• Exercise objective: Nothing in the records should be changed in the copy, though the pictures must be left out.

• Entries provided:

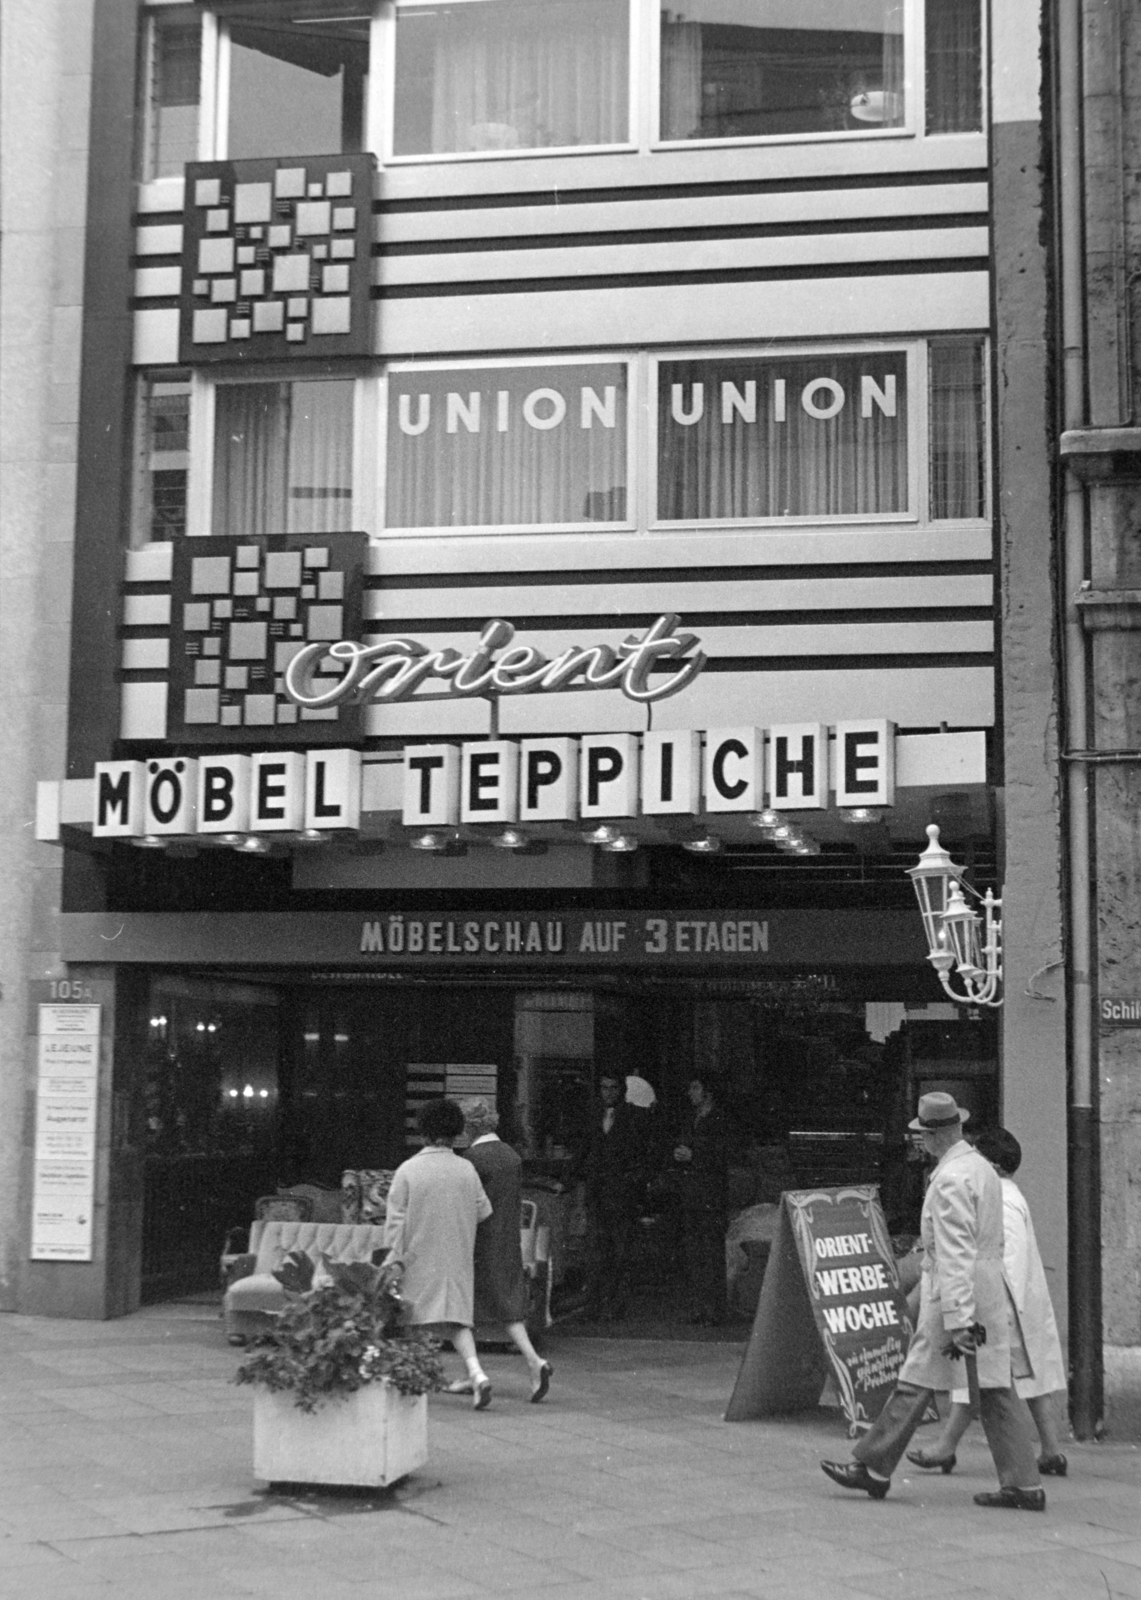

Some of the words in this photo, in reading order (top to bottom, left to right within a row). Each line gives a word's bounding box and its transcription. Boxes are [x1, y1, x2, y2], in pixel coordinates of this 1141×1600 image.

[399, 386, 616, 435] UNION
[671, 375, 896, 425] UNION
[98, 761, 341, 826] MÖBEL
[409, 731, 879, 814] TEPPICHE
[360, 915, 563, 952] MÖBELSCHAU
[579, 921, 627, 952] AUF
[645, 918, 668, 953] 3
[675, 921, 769, 952] ETAGEN
[1102, 999, 1141, 1019] Schil
[815, 1233, 873, 1258] ORIENT-
[816, 1264, 889, 1296] WERBE
[823, 1300, 899, 1334] WOCHE
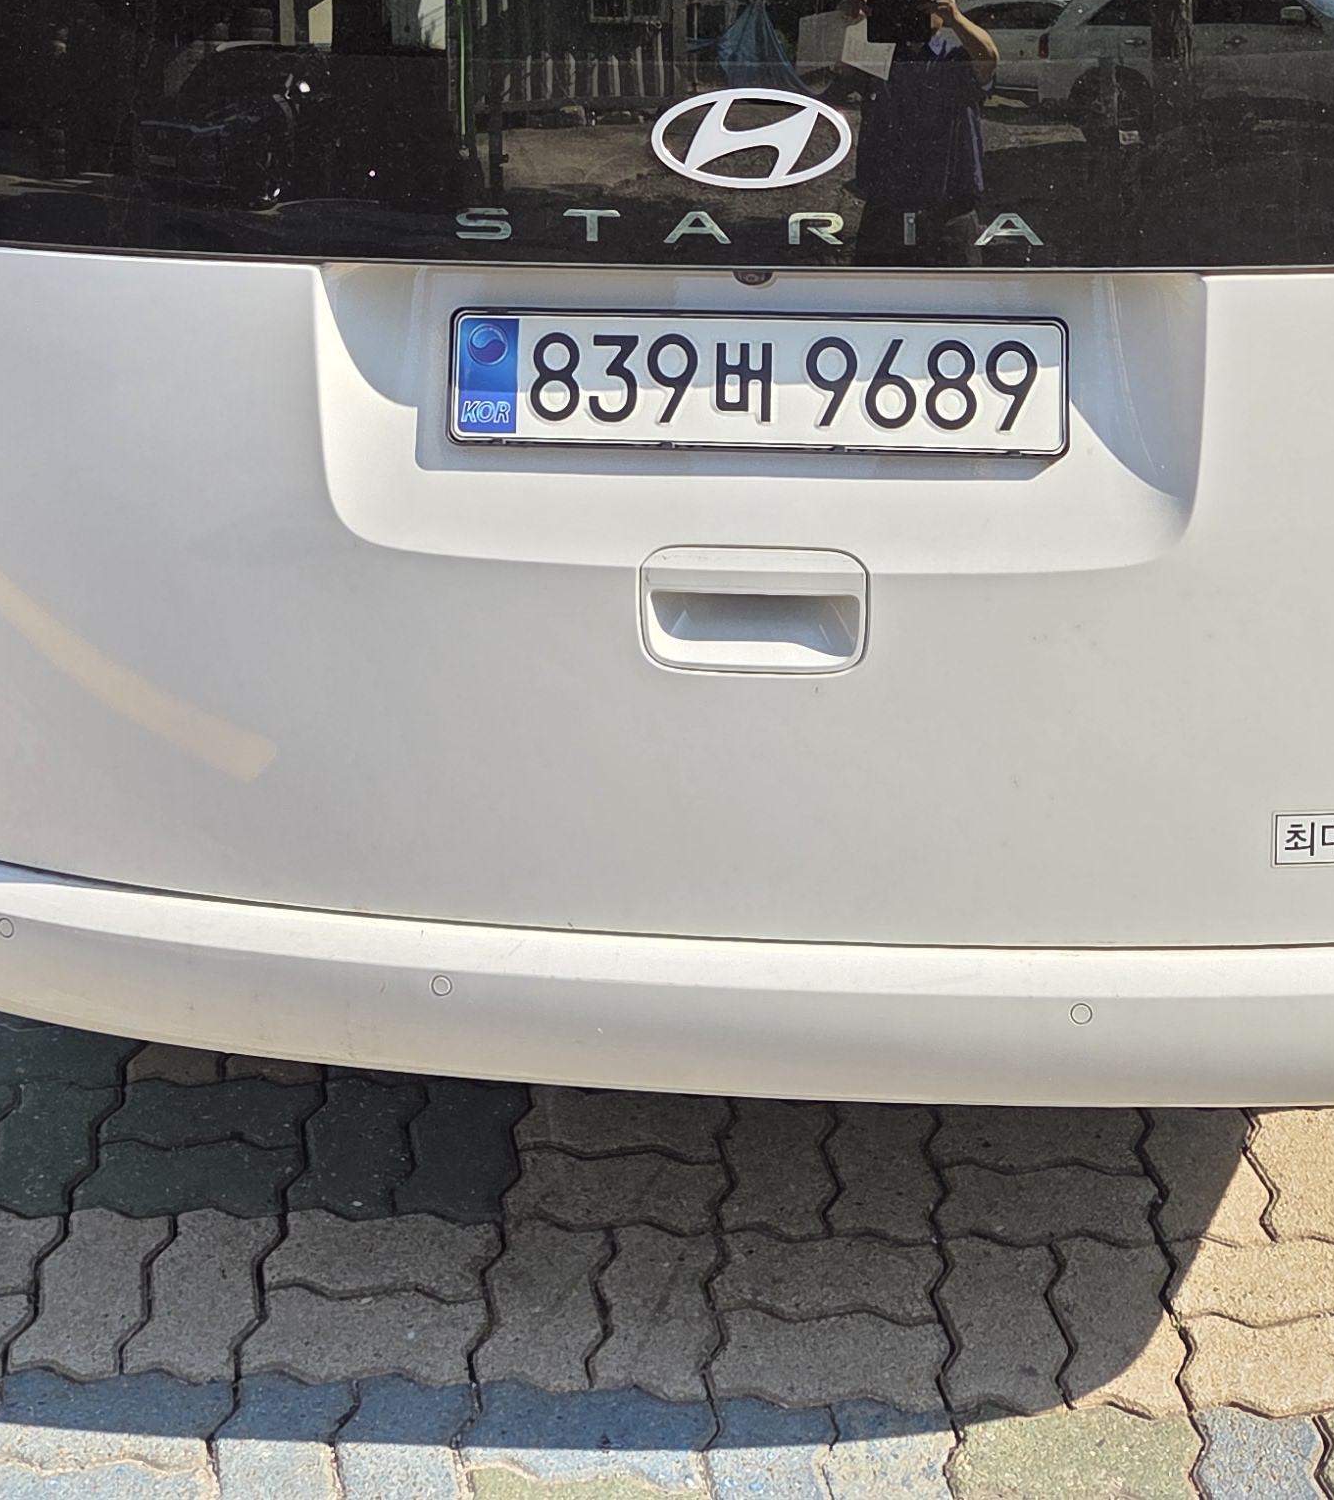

• Final answer:
Some of the words in this photo, in reading order (top to bottom, left to right within a row). Each line gives a word's bounding box and its transcription. Boxes are [x1, y1, x2, y2], in pixel coordinates of this 1141×1600 image.

[399, 386, 616, 435] UNION
[671, 375, 896, 425] UNION
[98, 761, 341, 826] MÖBEL
[409, 731, 879, 814] TEPPICHE
[360, 915, 563, 952] MÖBELSCHAU
[579, 921, 627, 952] AUF
[645, 918, 668, 953] 3
[675, 921, 769, 952] ETAGEN
[1102, 999, 1141, 1019] Schil
[815, 1233, 873, 1258] ORIENT-
[816, 1264, 889, 1296] WERBE
[823, 1300, 899, 1334] WOCHE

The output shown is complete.